Check out our latest analysis for Midwich Group
Midwich Group's Payment Has Solid Earnings Coverage
A big dividend yield for a few years doesn't mean much if it can't be sustained. The last dividend made up a very large portion of earnings and also represented 88% of free cash flows. This indicates that the company is more focused on returning cash to shareholders than growing the business, but we don't think that there are necessarily signs that the dividend might be unsustainable.
Over the next year, EPS is forecast to expand by 88.4%. If the dividend continues along recent trends, we estimate the payout ratio will be 47%, which would make us comfortable with the sustainability of the dividend, despite the levels currently being quite high.
Midwich Group's Dividend Has Lacked Consistency
Midwich Group has been paying dividends for a while, but the track record isn't stellar. This suggests that the dividend might not be the most reliable. The annual payment during the last 6 years was £0.0306 in 2017, and the most recent fiscal year payment was £0.15. This works out to be a compound annual growth rate (CAGR) of approximately 30% a year over that time. Despite the rapid growth in the dividend over the past number of years, we have seen the payments go down the past as well, so that makes us cautious.
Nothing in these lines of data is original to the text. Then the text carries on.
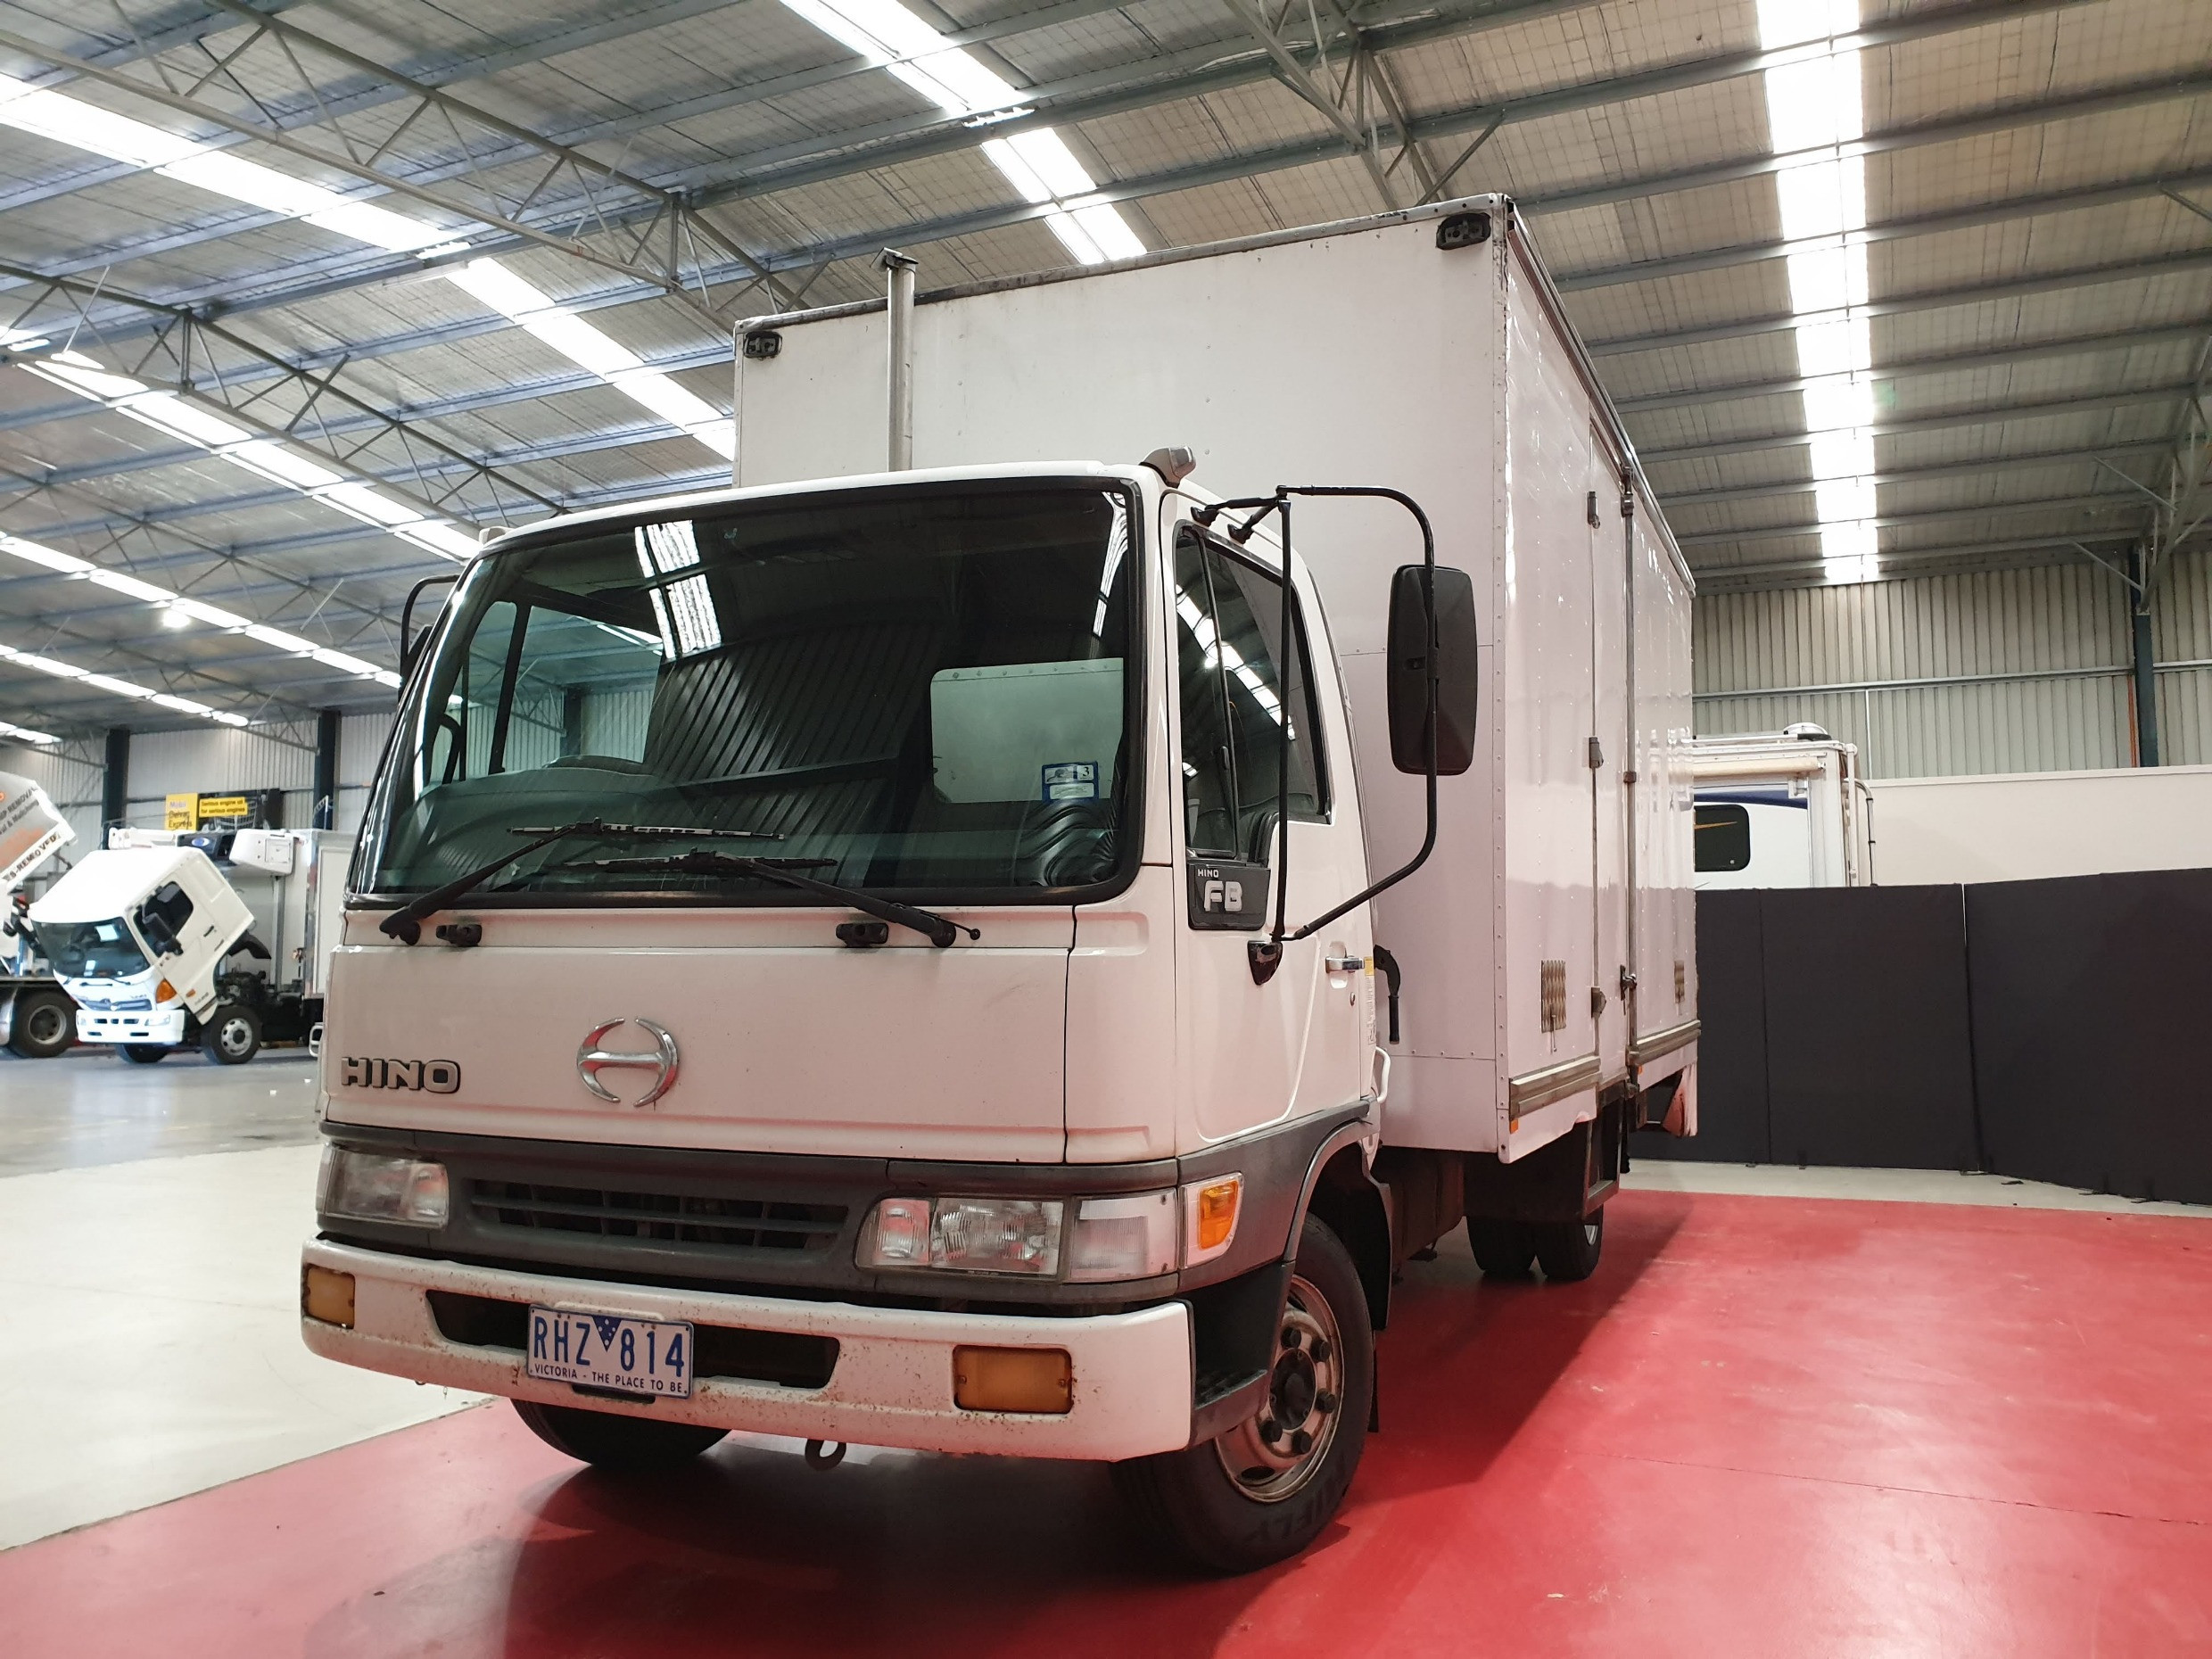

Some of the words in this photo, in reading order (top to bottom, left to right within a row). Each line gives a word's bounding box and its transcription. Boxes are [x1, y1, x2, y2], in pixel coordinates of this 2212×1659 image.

[1082, 766, 1090, 777] 3
[1197, 869, 1219, 879] HINO
[1203, 879, 1243, 912] FB
[341, 1056, 461, 1094] HINO
[534, 1316, 591, 1366] RHZ
[620, 1327, 685, 1378] 814
[534, 1362, 578, 1380] VICTORIA
[592, 1370, 610, 1384] THE
[615, 1374, 645, 1390] PLACE
[650, 1378, 664, 1391] TO
Midwich Group May Find It Hard To Grow The Dividend
With a relatively unstable dividend, it's even more important to evaluate if earnings per share is growing, which could point to a growing dividend in the future. Unfortunately, Midwich Group's earnings per share has been essentially flat over the past five years, which means the dividend may not be increased each year. Midwich Group's earnings per share has barely grown, which is not ideal - perhaps this is why the company pays out the majority of its earnings to shareholders. This isn't the end of the world, but for investors looking for strong dividend growth they may want to look elsewhere.
In Summary
Overall, this is probably not a great income stock, even though the dividend is being raised at the moment. The track record isn't great, and the payments are a bit high to be considered sustainable. We don't think Midwich Group is a great stock to add to your portfolio if income is your focus.
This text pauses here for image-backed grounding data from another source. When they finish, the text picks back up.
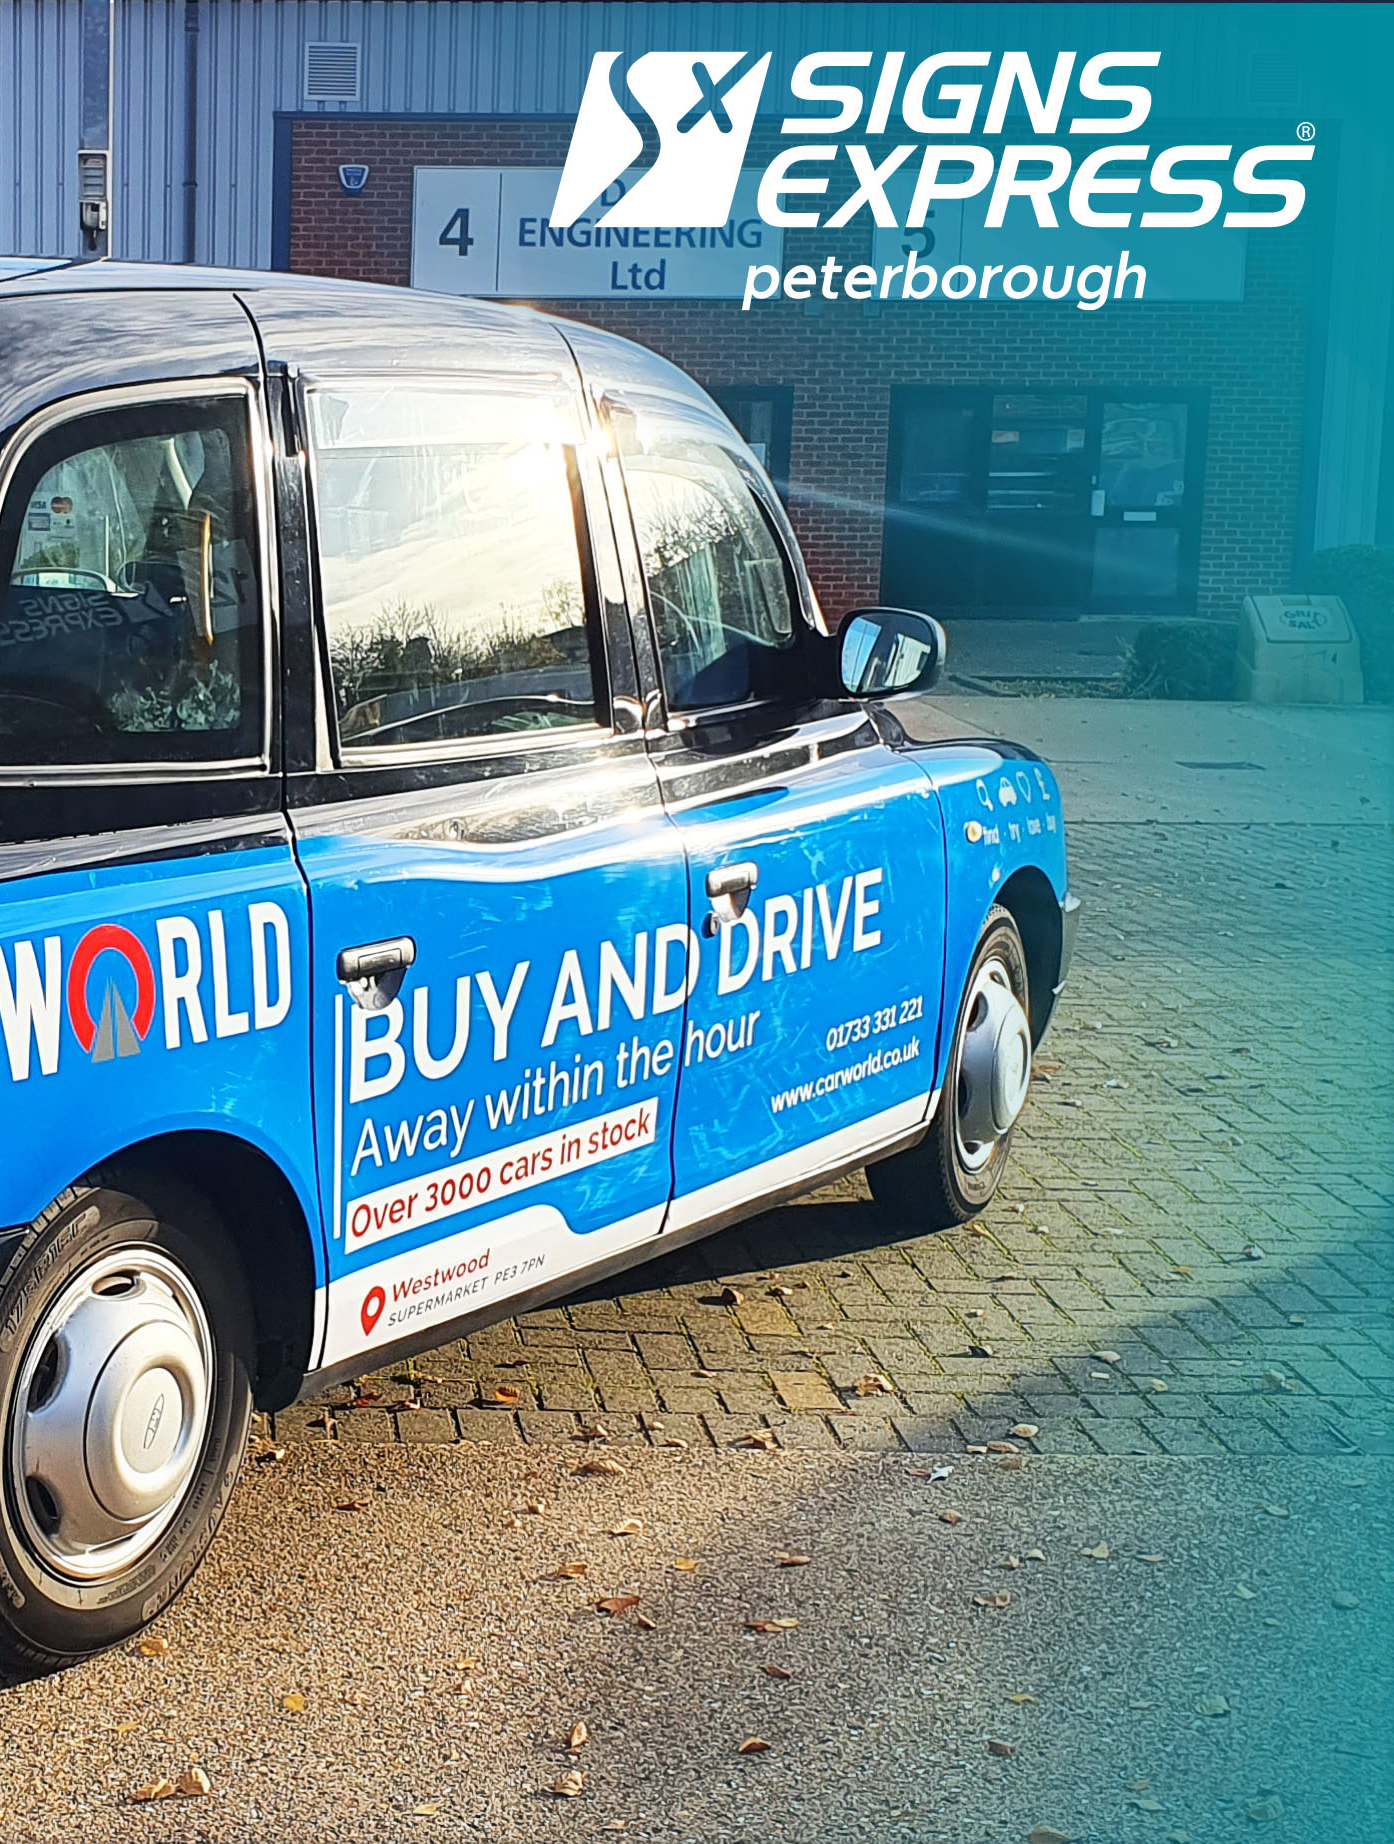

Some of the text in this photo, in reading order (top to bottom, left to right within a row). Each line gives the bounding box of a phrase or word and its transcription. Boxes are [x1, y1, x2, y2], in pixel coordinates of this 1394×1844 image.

[439, 208, 762, 256] 4 ENGINEERING
[901, 210, 936, 258] 5
[610, 259, 666, 291] Ltd
[349, 867, 883, 1105] BUY AND DRIVE
[826, 995, 924, 1051] 01733 331 221
[350, 1010, 761, 1177] Away within the hour
[771, 1036, 920, 1113] www.carworld.co.uk
[351, 1106, 651, 1238] Over 3000 cars in stock
[387, 1254, 545, 1327] SUPERMARKET PE3 7PN
[391, 1248, 490, 1302] Westwood
Investors generally tend to favour companies with a consistent, stable dividend policy as opposed to those operating an irregular one. Meanwhile, despite the importance of dividend payments, they are not the only factors our readers should know when assessing a company. For example, we've picked out 2 warning signs for Midwich Group that investors should know about before committing capital to this stock. Is Midwich Group not quite the opportunity you were looking for? Why not check out our selection of top dividend stocks.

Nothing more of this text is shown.